# Instructions to follow:
Return the listing below exactly, with the pictures dropped.
Excerpted data START
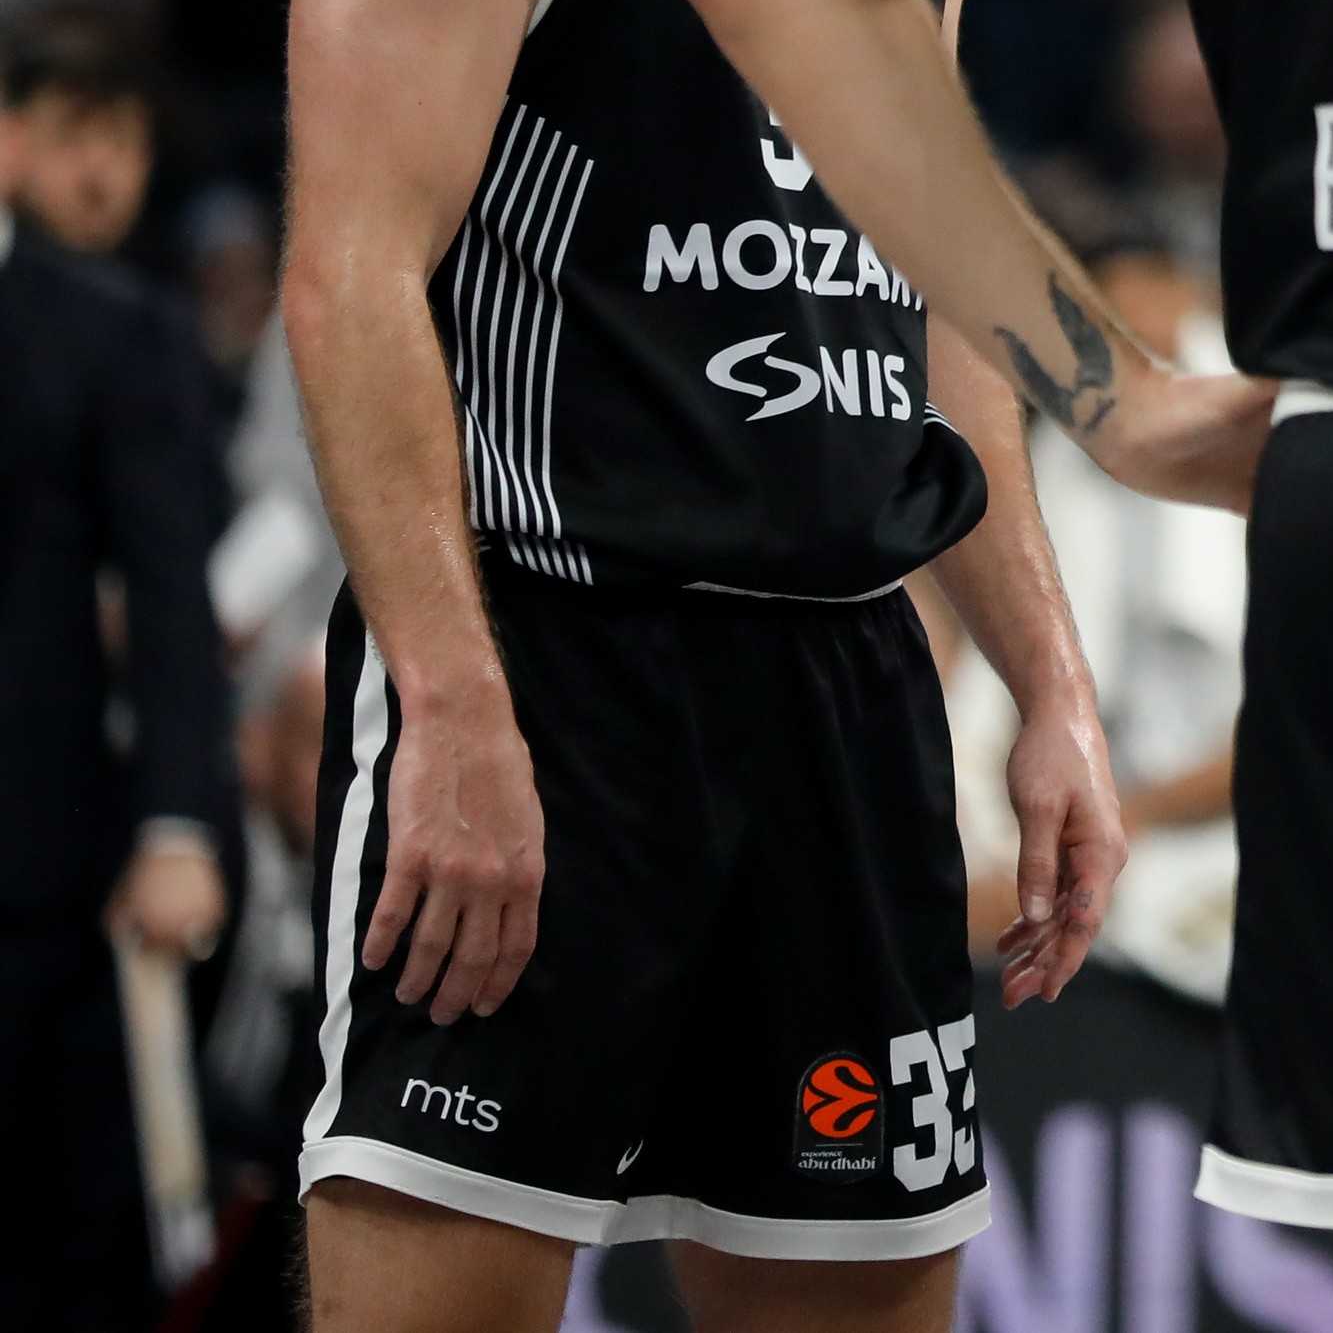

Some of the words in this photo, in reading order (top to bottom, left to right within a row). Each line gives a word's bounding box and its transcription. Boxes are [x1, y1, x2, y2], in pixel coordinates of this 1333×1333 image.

[818, 345, 911, 421] NIS
[400, 1078, 502, 1133] mts
[798, 1158, 829, 1170] abu
[831, 1156, 876, 1170] dhabi
Excerpted data END
# Answer to this problem:
Some of the words in this photo, in reading order (top to bottom, left to right within a row). Each line gives a word's bounding box and its transcription. Boxes are [x1, y1, x2, y2], in pixel coordinates of this 1333×1333 image.

[818, 345, 911, 421] NIS
[400, 1078, 502, 1133] mts
[798, 1158, 829, 1170] abu
[831, 1156, 876, 1170] dhabi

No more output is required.